Patrick Jermain, Executive Vice President and CFO, commented, “During the fiscal third quarter, we continued to execute our capital allocation strategy by repatriating approximately $37 million of offshore cash. Since the enactment of U.S. tax reform in our last fiscal year, we have brought back over $500 million. We repurchased approximately $44 million of our shares during the fiscal third quarter, which was primarily funded with repatriated cash.”
Mr. Jermain continued, “On May 15, 2019, we refinanced our credit facility to take advantage of favorable pricing and improve our financial covenants. In addition, the maximum commitment under the credit facility was expanded to $350 million, with the potential to increase it by an additional $250 million. The maturity of the credit facility was extended to May 2024. The amended facility provides us with additional borrowing capacity and flexibility in anticipation of future growth.”

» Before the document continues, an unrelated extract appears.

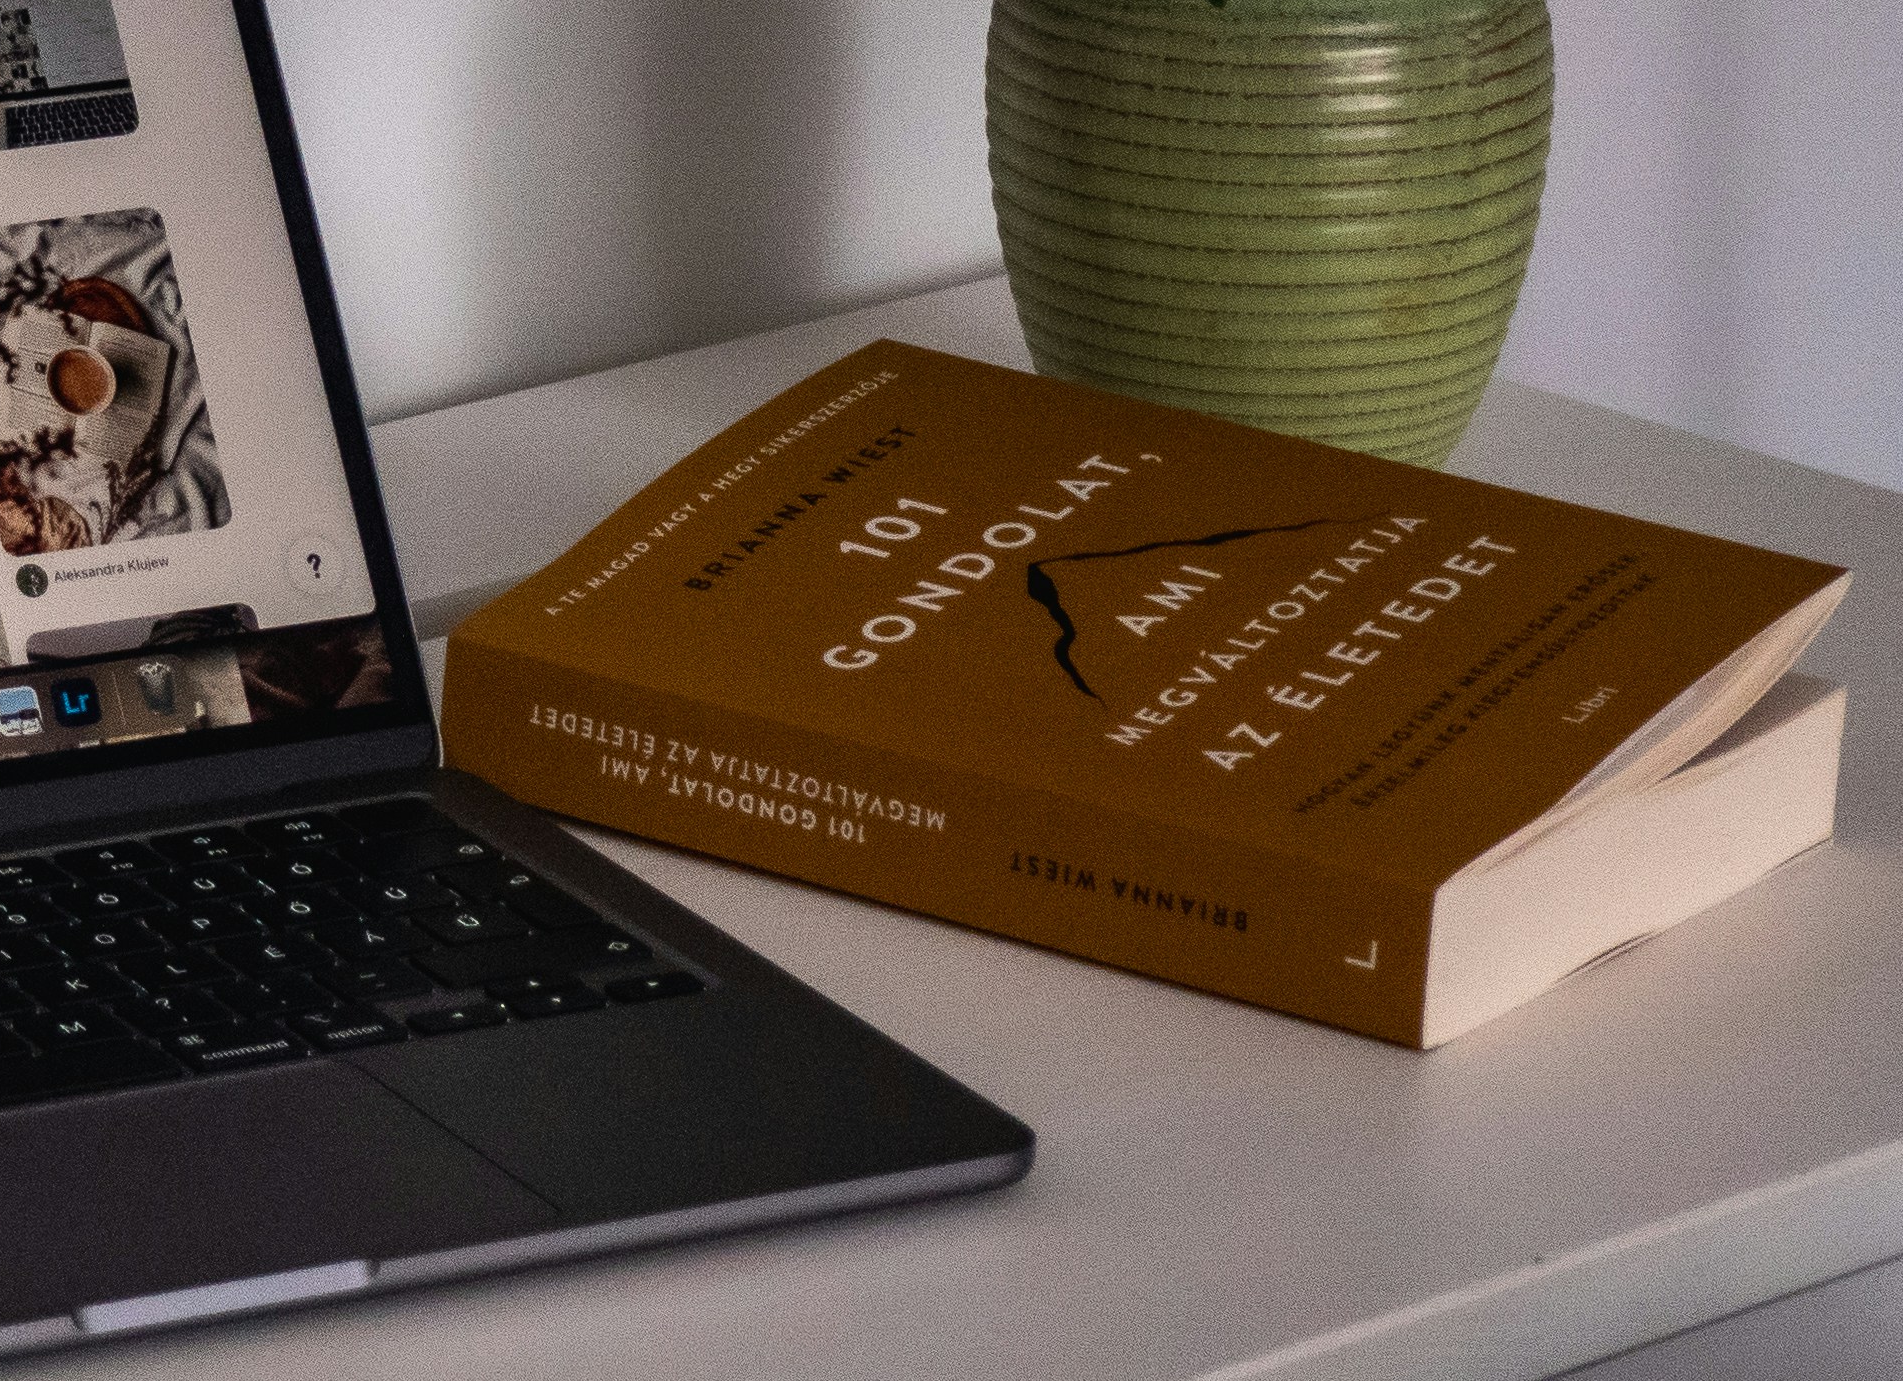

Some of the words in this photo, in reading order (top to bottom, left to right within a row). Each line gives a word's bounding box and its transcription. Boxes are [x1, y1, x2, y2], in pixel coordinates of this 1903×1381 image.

Mr. Kelsey continued, “Looking ahead to the fiscal fourth quarter, I am encouraged by the anticipated performance of our sectors that feature highly complex products and demanding regulatory environments. We expect new program ramps and stable end markets within these sectors to soften the impact of a meaningful demand reduction in the Communications sector. Therefore, we are guiding fiscal fourth quarter revenue in the range of $760 to $800 million, which is consistent with the range we provided for our fiscal third quarter guidance. We expect continued improvement in operating performance and, as a result, we are guiding GAAP EPS in the range of $0.81 to $0.91. This excludes any non-recurring charges as a result of addressing revenue declines in our Communications sector.”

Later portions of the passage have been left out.